▸ TASK REQUIREMENTS:
Transcribe the full listing below, word for word, without pictures.

▸ RECORDS FOR THIS EXERCISE:
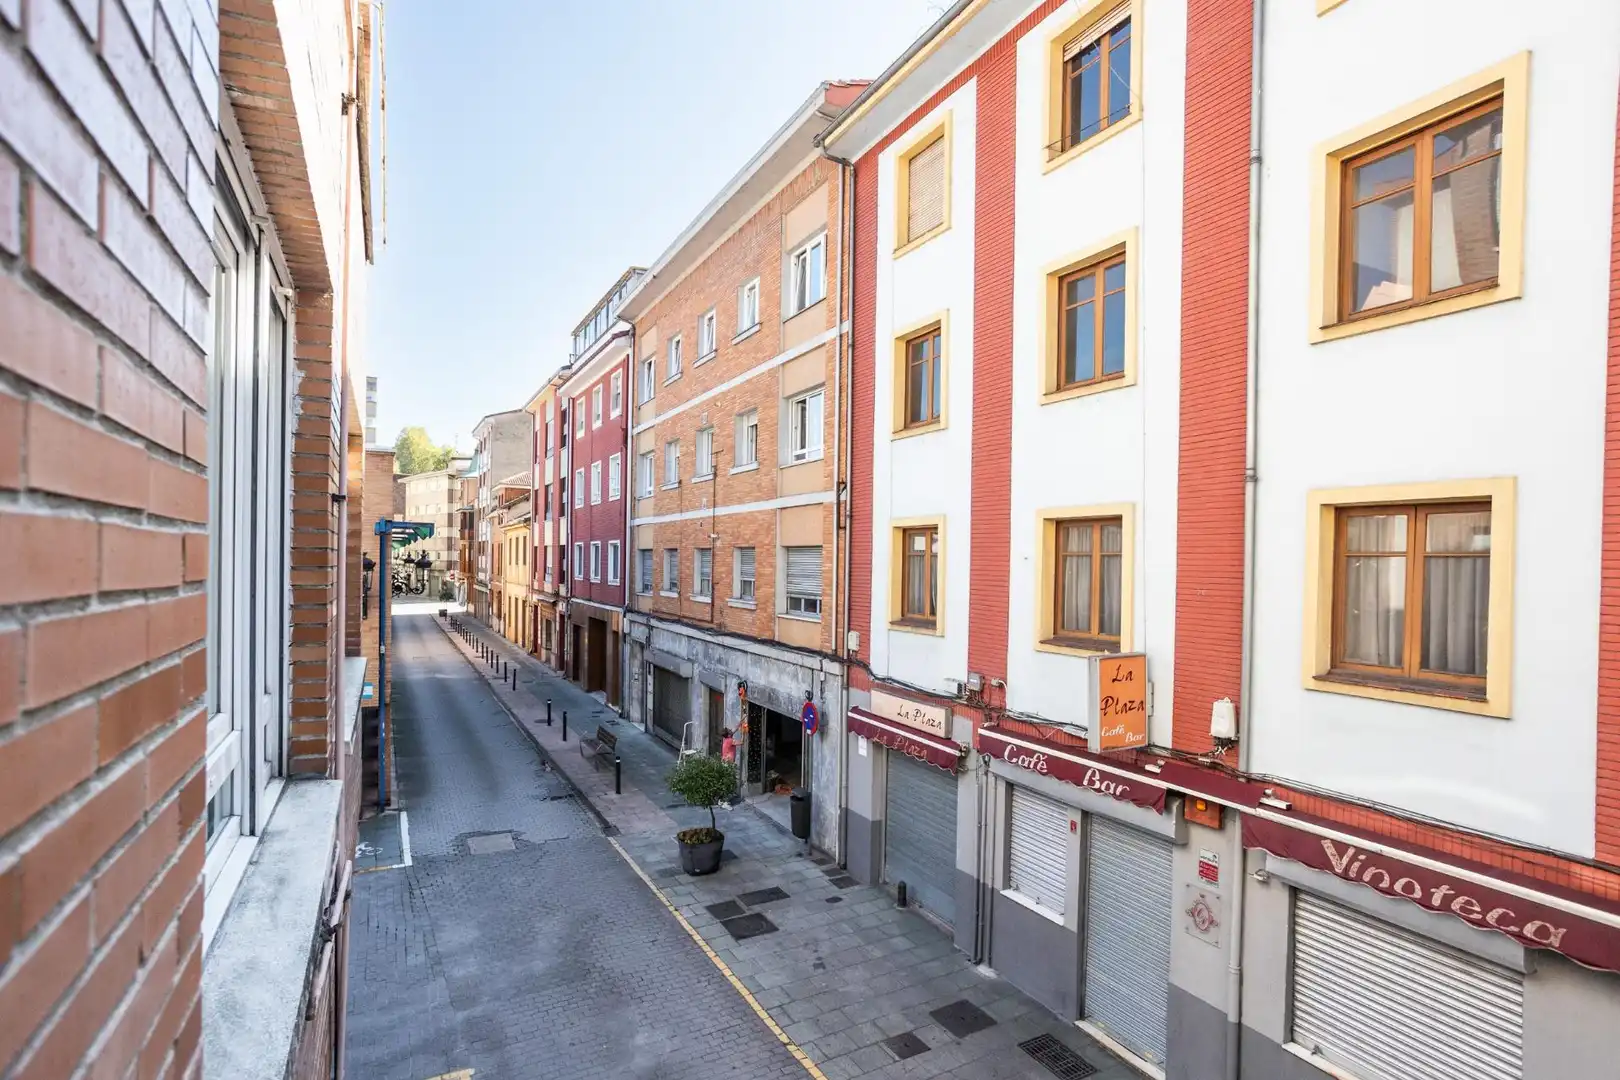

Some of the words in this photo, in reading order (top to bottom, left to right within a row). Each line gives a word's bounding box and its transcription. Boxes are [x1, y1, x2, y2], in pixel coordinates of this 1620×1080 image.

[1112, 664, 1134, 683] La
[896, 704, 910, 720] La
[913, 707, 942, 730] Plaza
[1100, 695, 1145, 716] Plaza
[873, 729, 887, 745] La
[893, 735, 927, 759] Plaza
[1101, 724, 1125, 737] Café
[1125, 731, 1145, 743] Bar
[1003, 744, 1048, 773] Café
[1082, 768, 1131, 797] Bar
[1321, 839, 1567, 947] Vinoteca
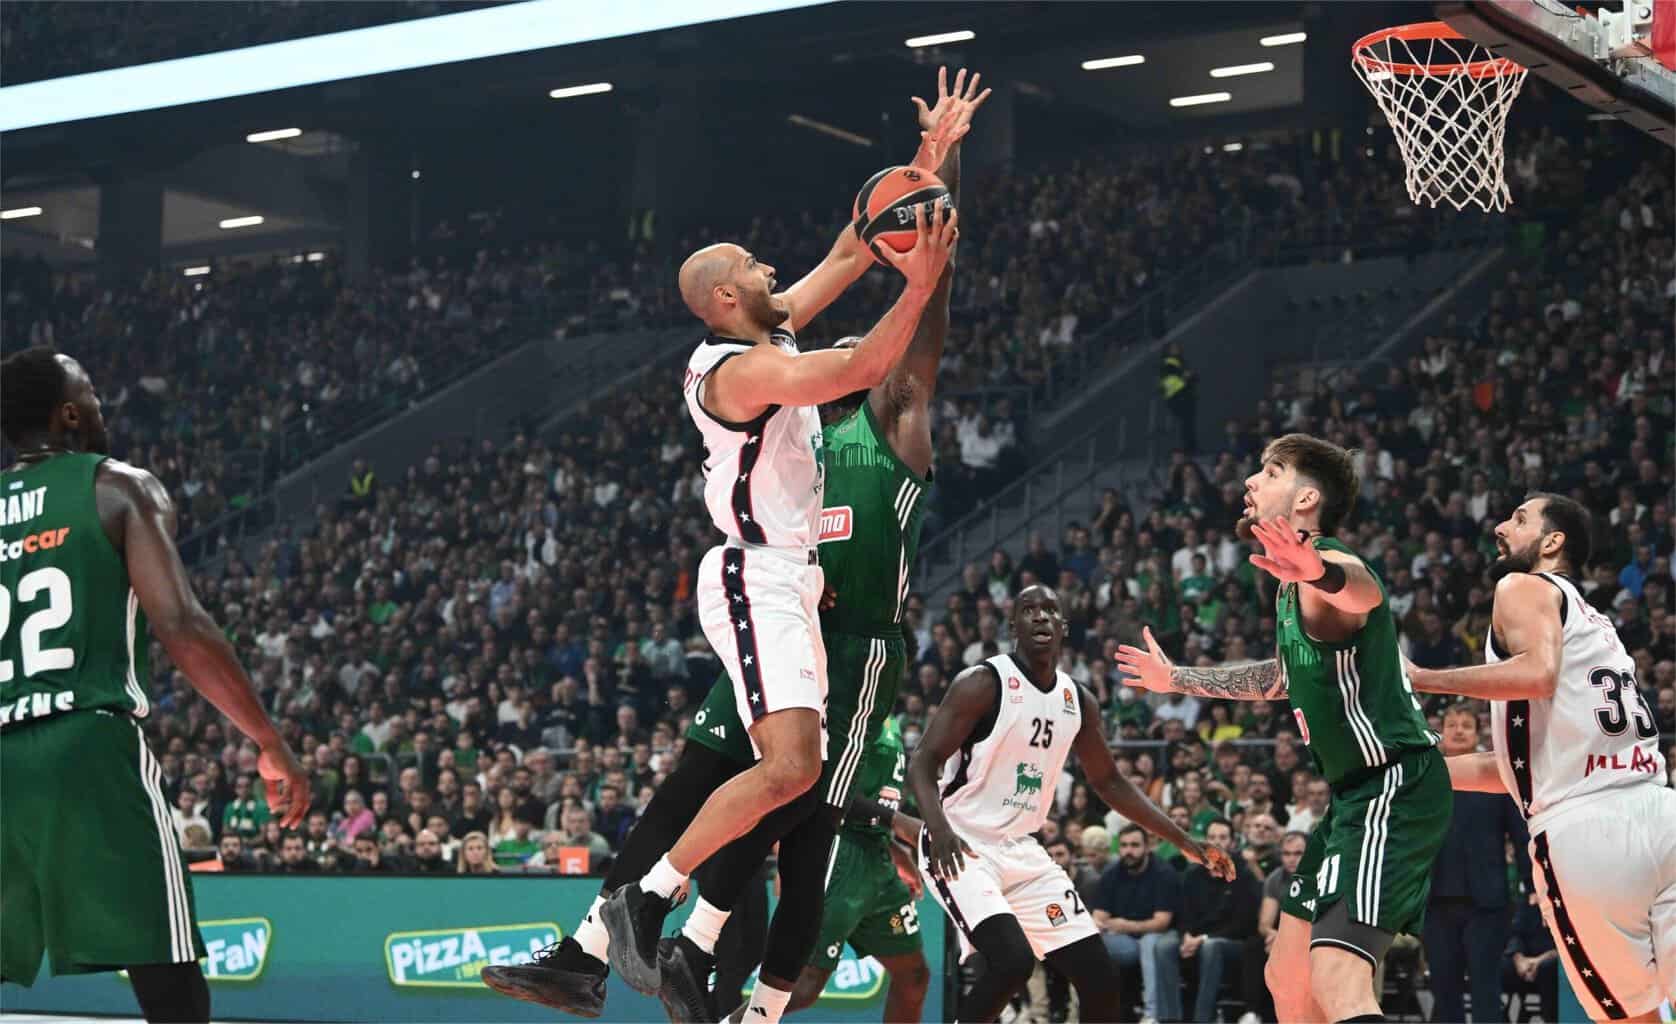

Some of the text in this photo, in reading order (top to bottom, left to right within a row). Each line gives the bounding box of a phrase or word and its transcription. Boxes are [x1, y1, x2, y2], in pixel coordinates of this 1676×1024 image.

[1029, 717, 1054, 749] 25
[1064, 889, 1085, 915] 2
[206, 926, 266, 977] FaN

▸ TASK SOLUTION:
Some of the words in this photo, in reading order (top to bottom, left to right within a row). Each line gives a word's bounding box and its transcription. Boxes are [x1, y1, x2, y2], in pixel coordinates of this 1620×1080 image.

[1112, 664, 1134, 683] La
[896, 704, 910, 720] La
[913, 707, 942, 730] Plaza
[1100, 695, 1145, 716] Plaza
[873, 729, 887, 745] La
[893, 735, 927, 759] Plaza
[1101, 724, 1125, 737] Café
[1125, 731, 1145, 743] Bar
[1003, 744, 1048, 773] Café
[1082, 768, 1131, 797] Bar
[1321, 839, 1567, 947] Vinoteca

Some of the text in this photo, in reading order (top to bottom, left to right within a row). Each line gives the bounding box of a phrase or word and its transcription. Boxes are [x1, y1, x2, y2], in pixel coordinates of this 1676×1024 image.

[1029, 717, 1054, 749] 25
[1064, 889, 1085, 915] 2
[206, 926, 266, 977] FaN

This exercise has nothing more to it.